The Mexican economy is primarily a service economy to the extent that 66 percent of GDP and over 50 percent of employment in 1999 was accounted for by the services sector. Much of the decline in agricultural employment over the past 60 years has been picked up by the services sector. Hospitality, personal, and professional services account for most of the services that are performed within the economy.
The manufacturing sector is the next most important sector with 20.8 percent of GDP and approximately 17 percent of the labor force in 1999. The notable activity in this sector has to do with the success of the maquiladora plants in Mexico. Maquiladora plants are plants that exist along the Mexican-American border that receive inputs from American plants and produce items that can be exported or sold within Mexico. It has been estimated that these plants generated 49 percent of Mexico's manufacturing output in 1999.
The third-most important sector in Mexico is agriculture, which accounted for 5 percent of GDP in 1999 yet employed 23 percent of the labor force.
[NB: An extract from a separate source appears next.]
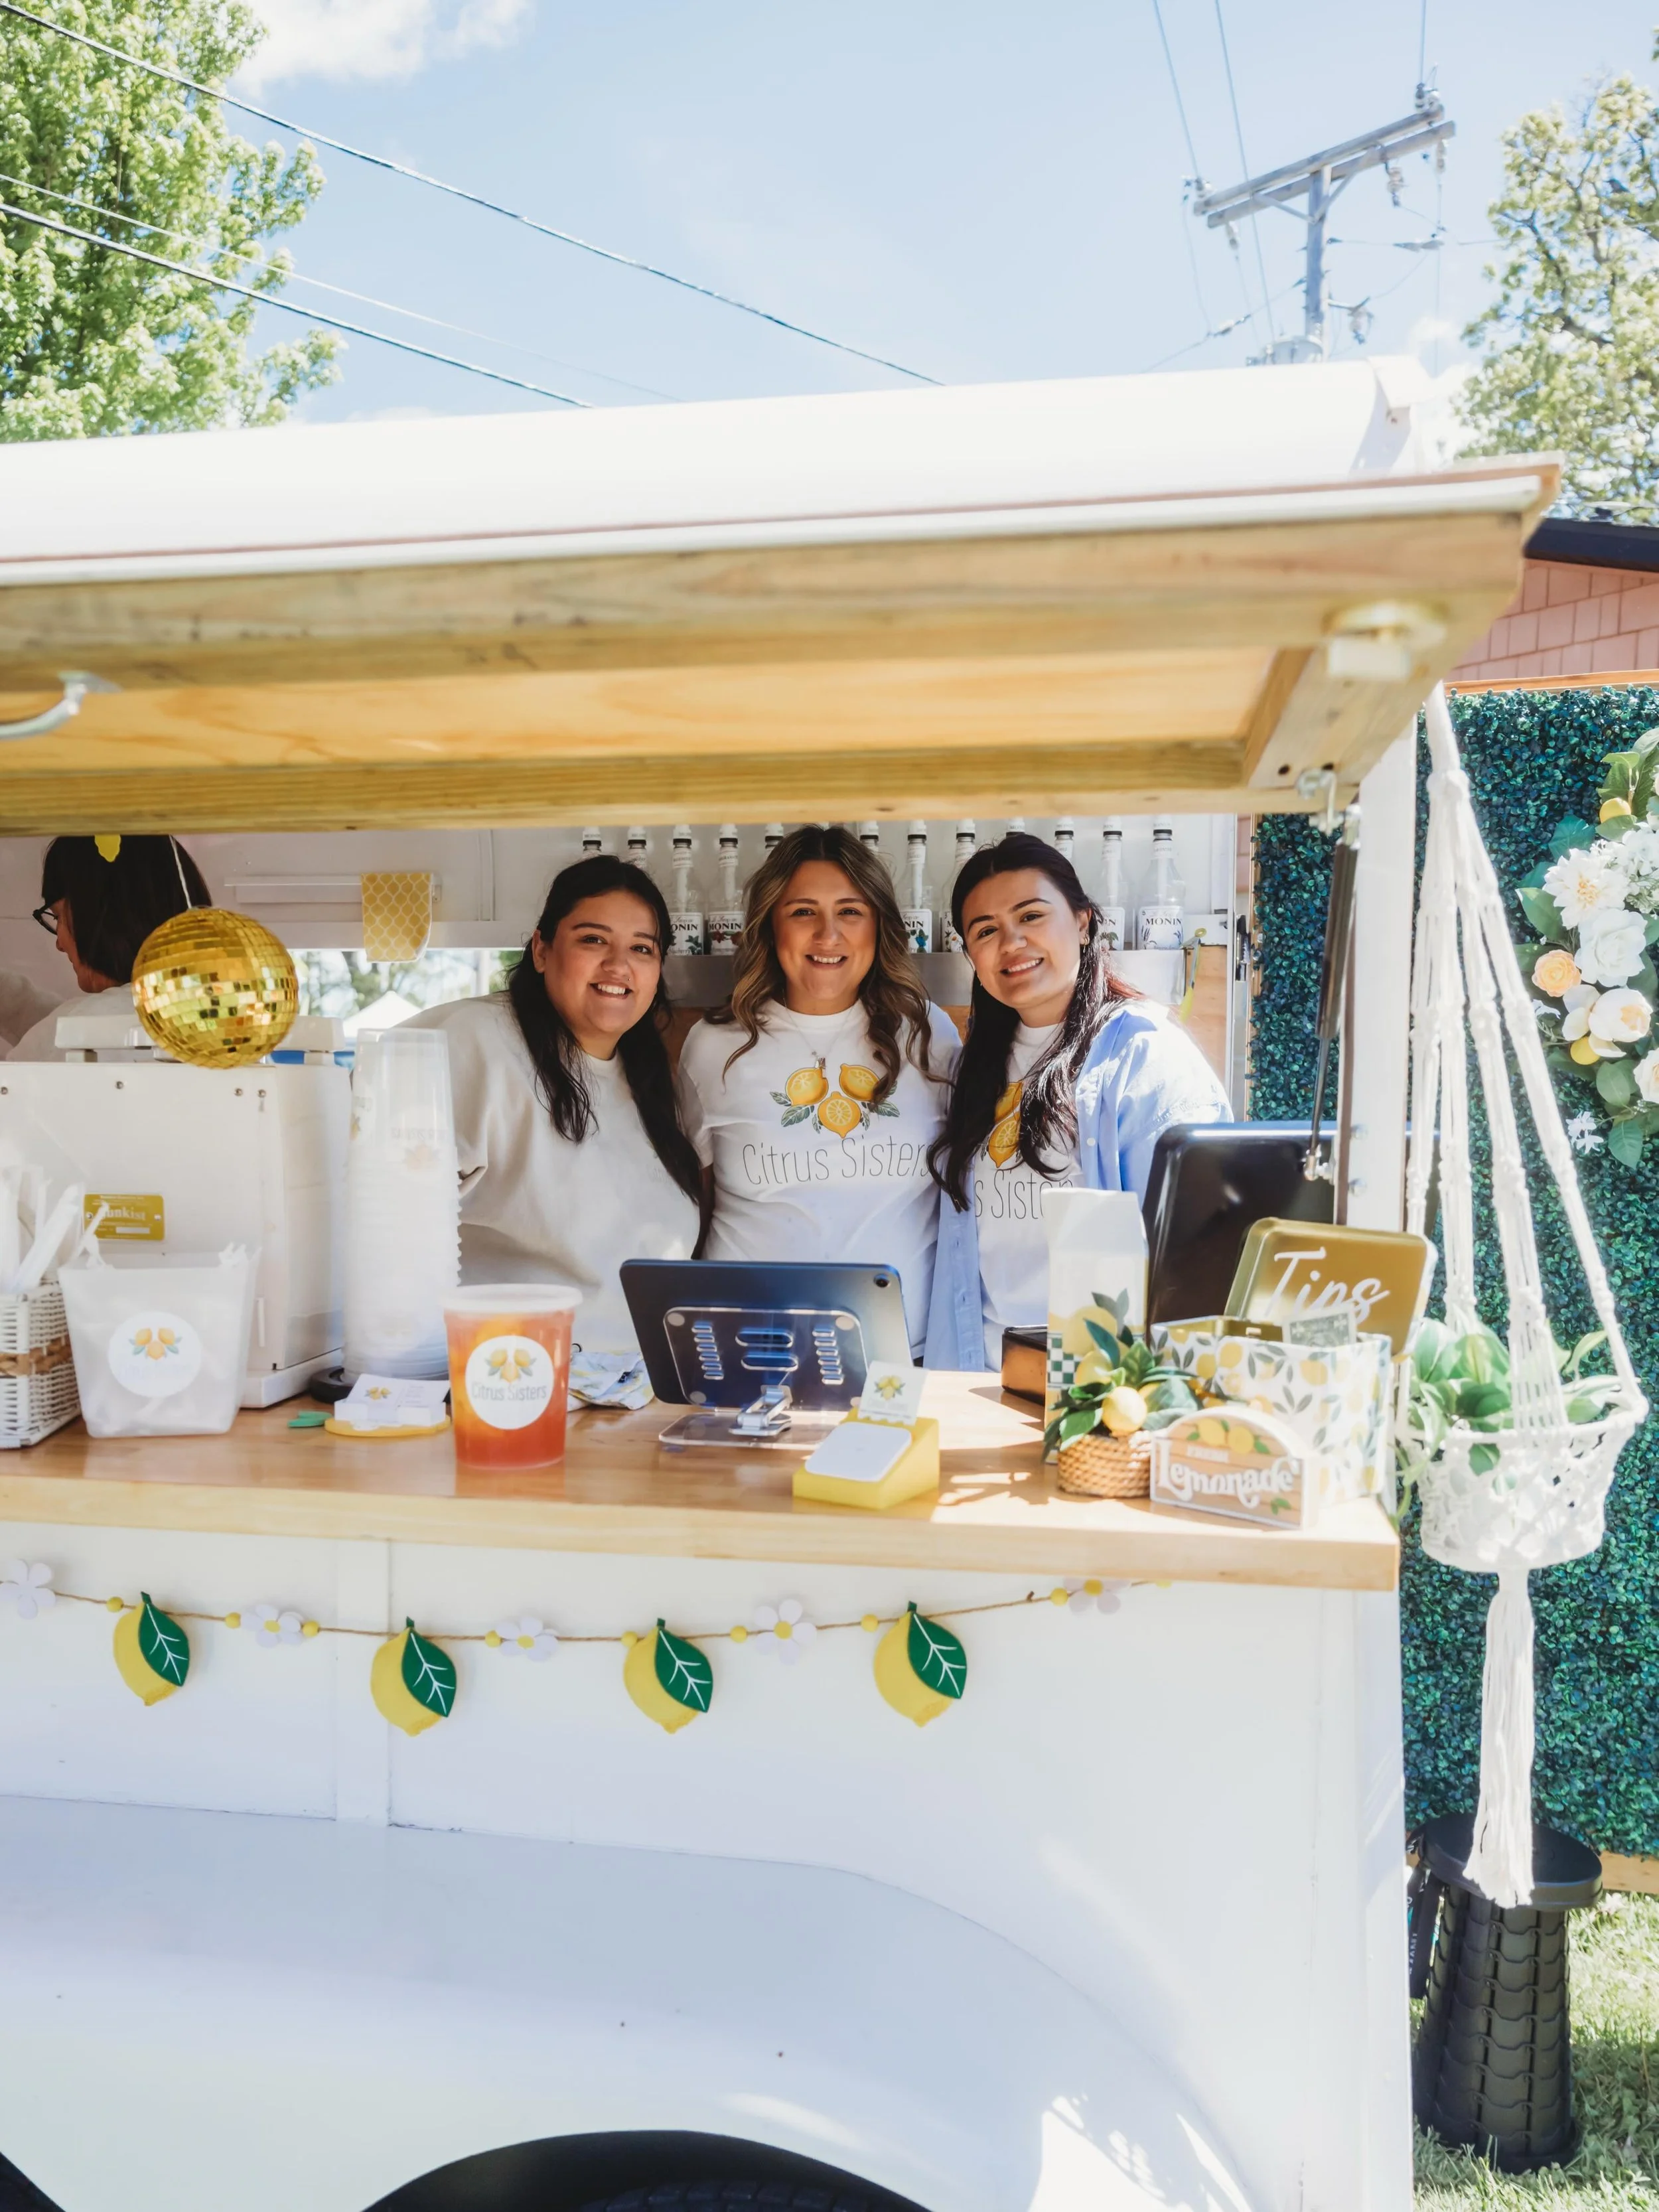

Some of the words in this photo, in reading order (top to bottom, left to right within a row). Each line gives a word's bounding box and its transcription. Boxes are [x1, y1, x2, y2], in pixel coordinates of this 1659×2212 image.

As discussed previously, the industrialization of the Mexican economy has resulted in a decrease in the importance of this sector since 1940. However, the sector continues to provide employment for a significant portion of the Mexican labor force.
Mining makes up a small portion of the economic output of the country, accounting for only 1.2 percent of GDP and employing approximately 0.3 percent of the labor force in 1999. The great significance of this sector stems from the government's reliance on revenues from the country's oil company for a substantial portion of its revenue.